Task statement
Word for word, reproduce all entries below, leaving every picture out.

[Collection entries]
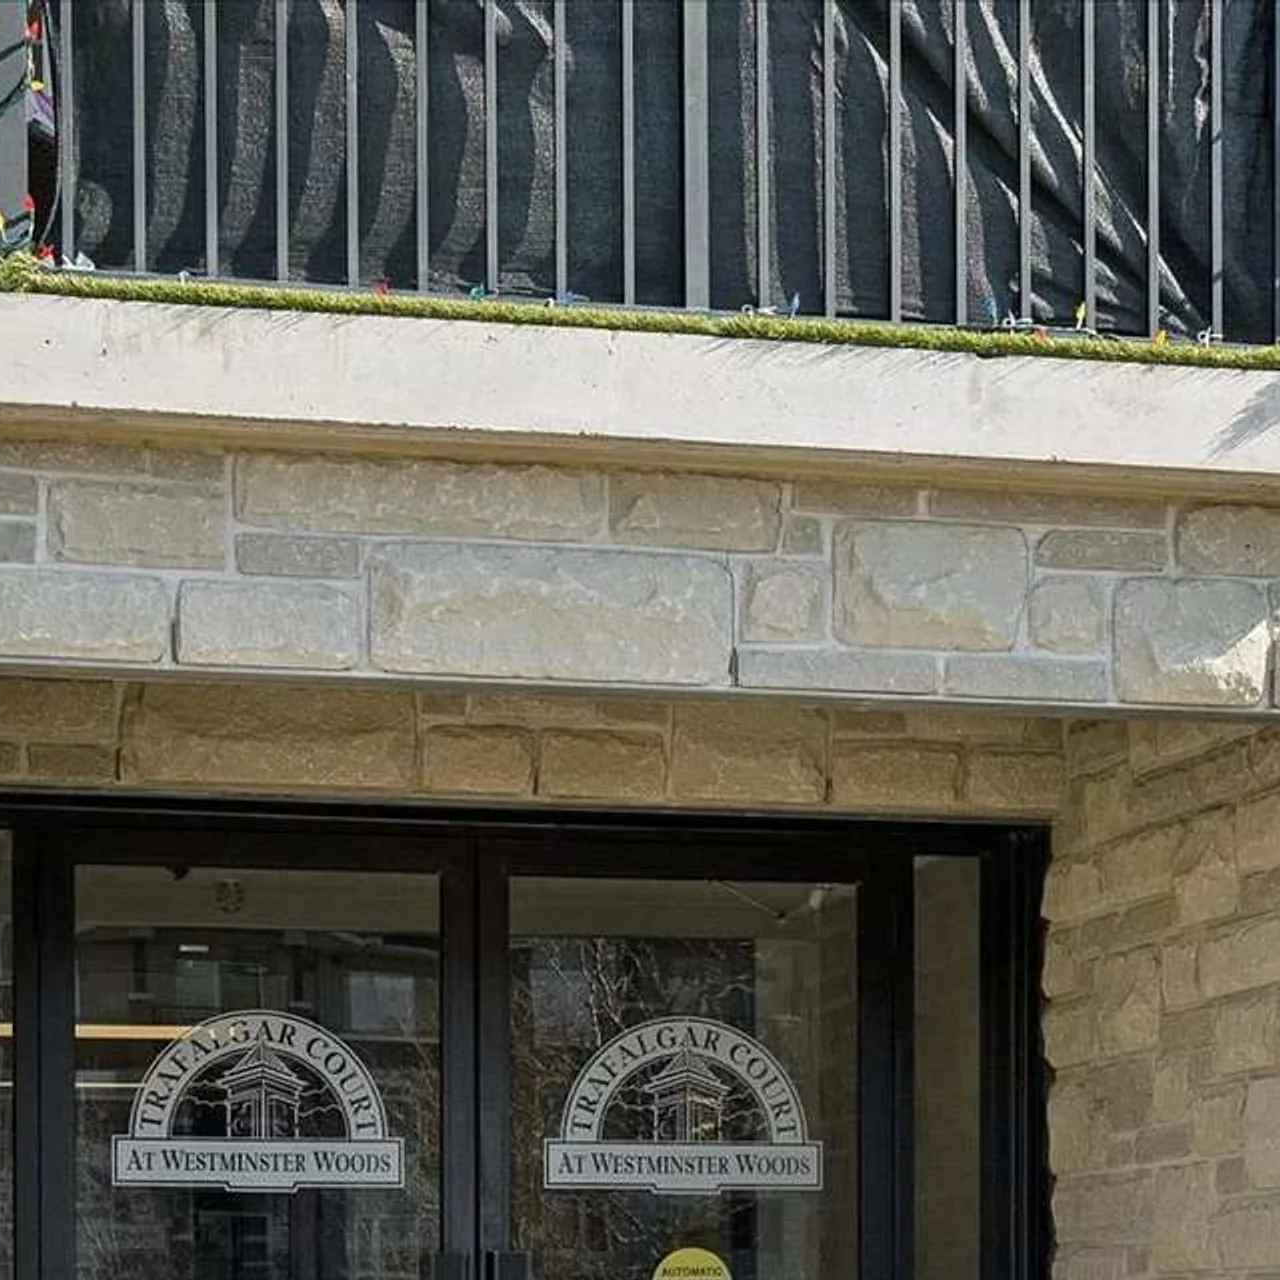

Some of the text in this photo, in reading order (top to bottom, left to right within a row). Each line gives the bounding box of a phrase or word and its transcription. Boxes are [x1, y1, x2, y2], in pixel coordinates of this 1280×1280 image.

[140, 1020, 378, 1136] TRAFALGAR COURT
[571, 1026, 798, 1138] TRAFALGAR COURT
[314, 1150, 391, 1173] WOODS
[735, 1153, 812, 1176] WOODS
[661, 1266, 723, 1278] AUTOMATIC
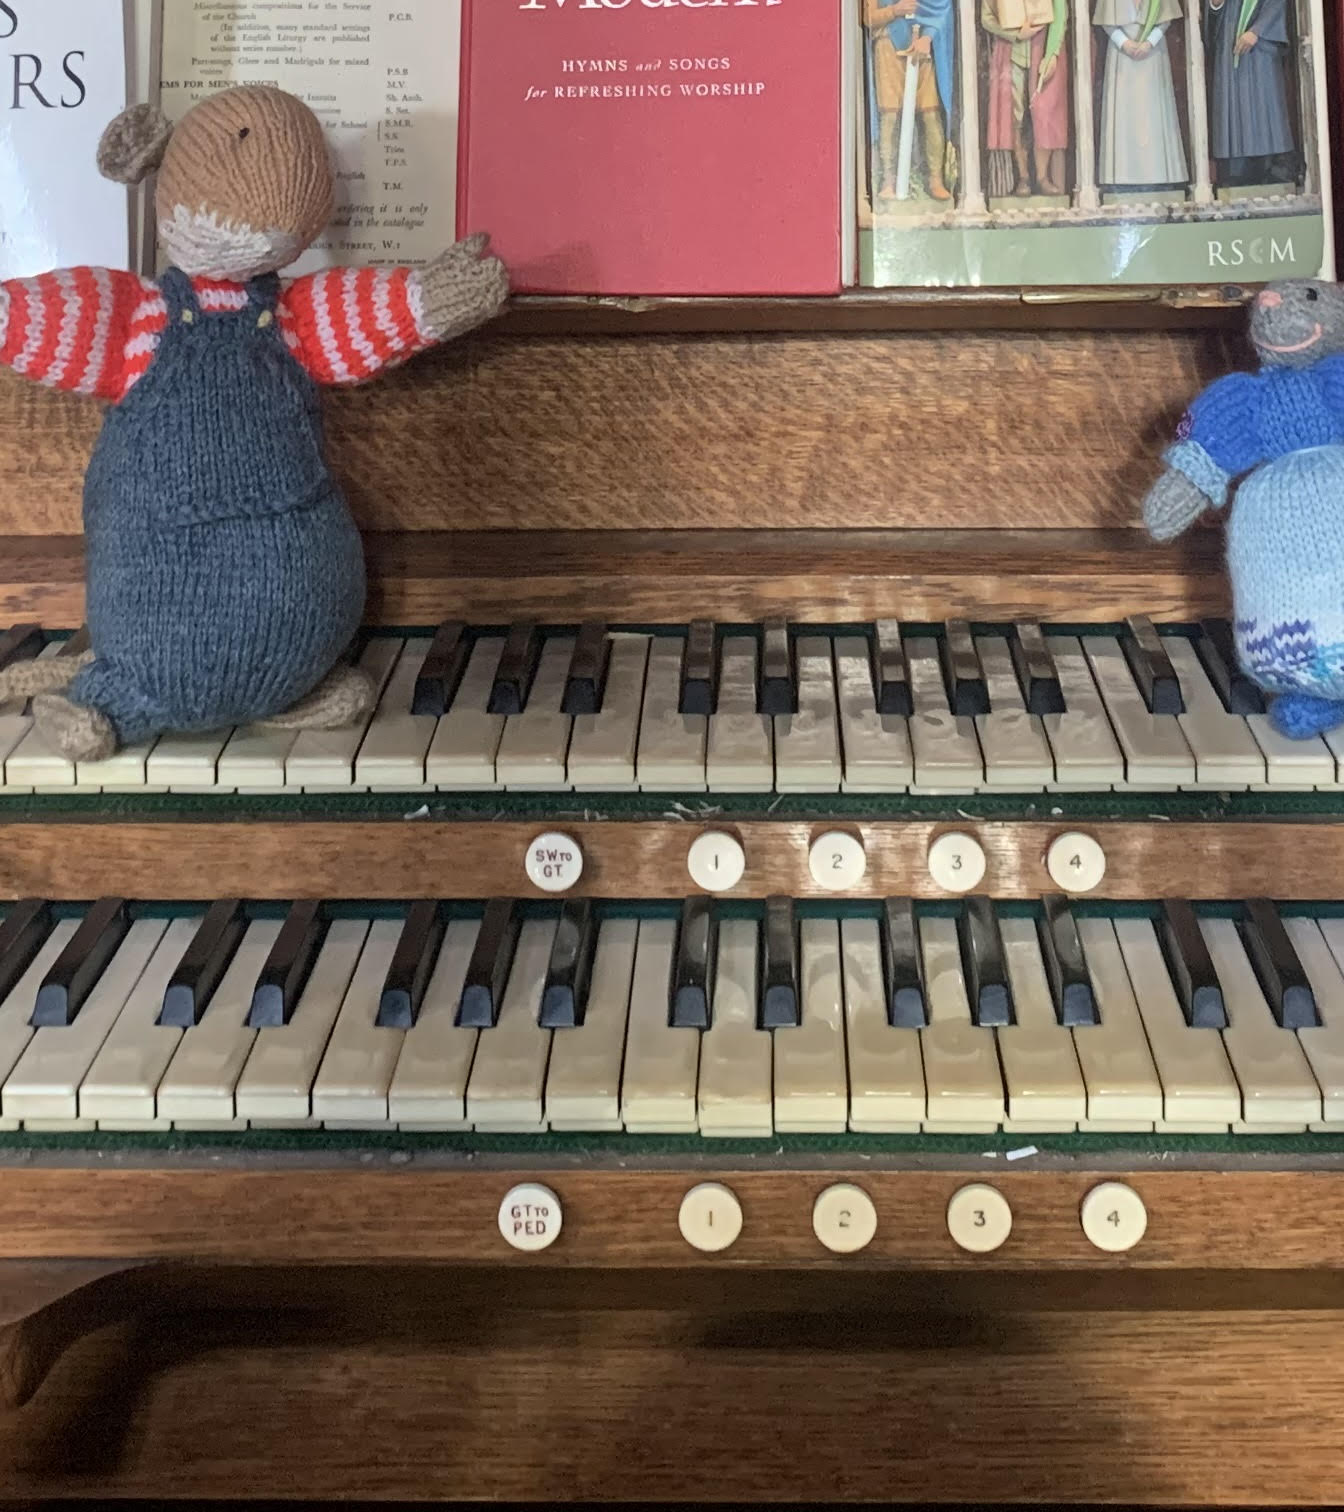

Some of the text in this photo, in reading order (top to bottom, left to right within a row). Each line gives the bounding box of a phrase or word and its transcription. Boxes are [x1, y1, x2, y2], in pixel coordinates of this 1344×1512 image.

[561, 57, 731, 73] HYMNS and SONGS
[524, 81, 766, 102] for REFRESHING WORSHIP
[535, 849, 558, 863] SW
[712, 854, 719, 870] 1
[830, 854, 844, 870] 2
[950, 854, 963, 871] 3
[1068, 854, 1082, 870] 4
[511, 1204, 533, 1219] GT
[707, 1211, 714, 1228] 1
[838, 1210, 851, 1228] 2
[973, 1210, 987, 1228] 3
[1105, 1210, 1120, 1228] 4
[513, 1220, 547, 1236] PED

Answer space
Some of the text in this photo, in reading order (top to bottom, left to right within a row). Each line gives the bounding box of a phrase or word and its transcription. Boxes are [x1, y1, x2, y2], in pixel coordinates of this 1280×1280 image.

[140, 1020, 378, 1136] TRAFALGAR COURT
[571, 1026, 798, 1138] TRAFALGAR COURT
[314, 1150, 391, 1173] WOODS
[735, 1153, 812, 1176] WOODS
[661, 1266, 723, 1278] AUTOMATIC

Some of the text in this photo, in reading order (top to bottom, left to right within a row). Each line gives the bounding box of a phrase or word and its transcription. Boxes are [x1, y1, x2, y2], in pixel coordinates of this 1344×1512 image.

[561, 57, 731, 73] HYMNS and SONGS
[524, 81, 766, 102] for REFRESHING WORSHIP
[535, 849, 558, 863] SW
[712, 854, 719, 870] 1
[830, 854, 844, 870] 2
[950, 854, 963, 871] 3
[1068, 854, 1082, 870] 4
[511, 1204, 533, 1219] GT
[707, 1211, 714, 1228] 1
[838, 1210, 851, 1228] 2
[973, 1210, 987, 1228] 3
[1105, 1210, 1120, 1228] 4
[513, 1220, 547, 1236] PED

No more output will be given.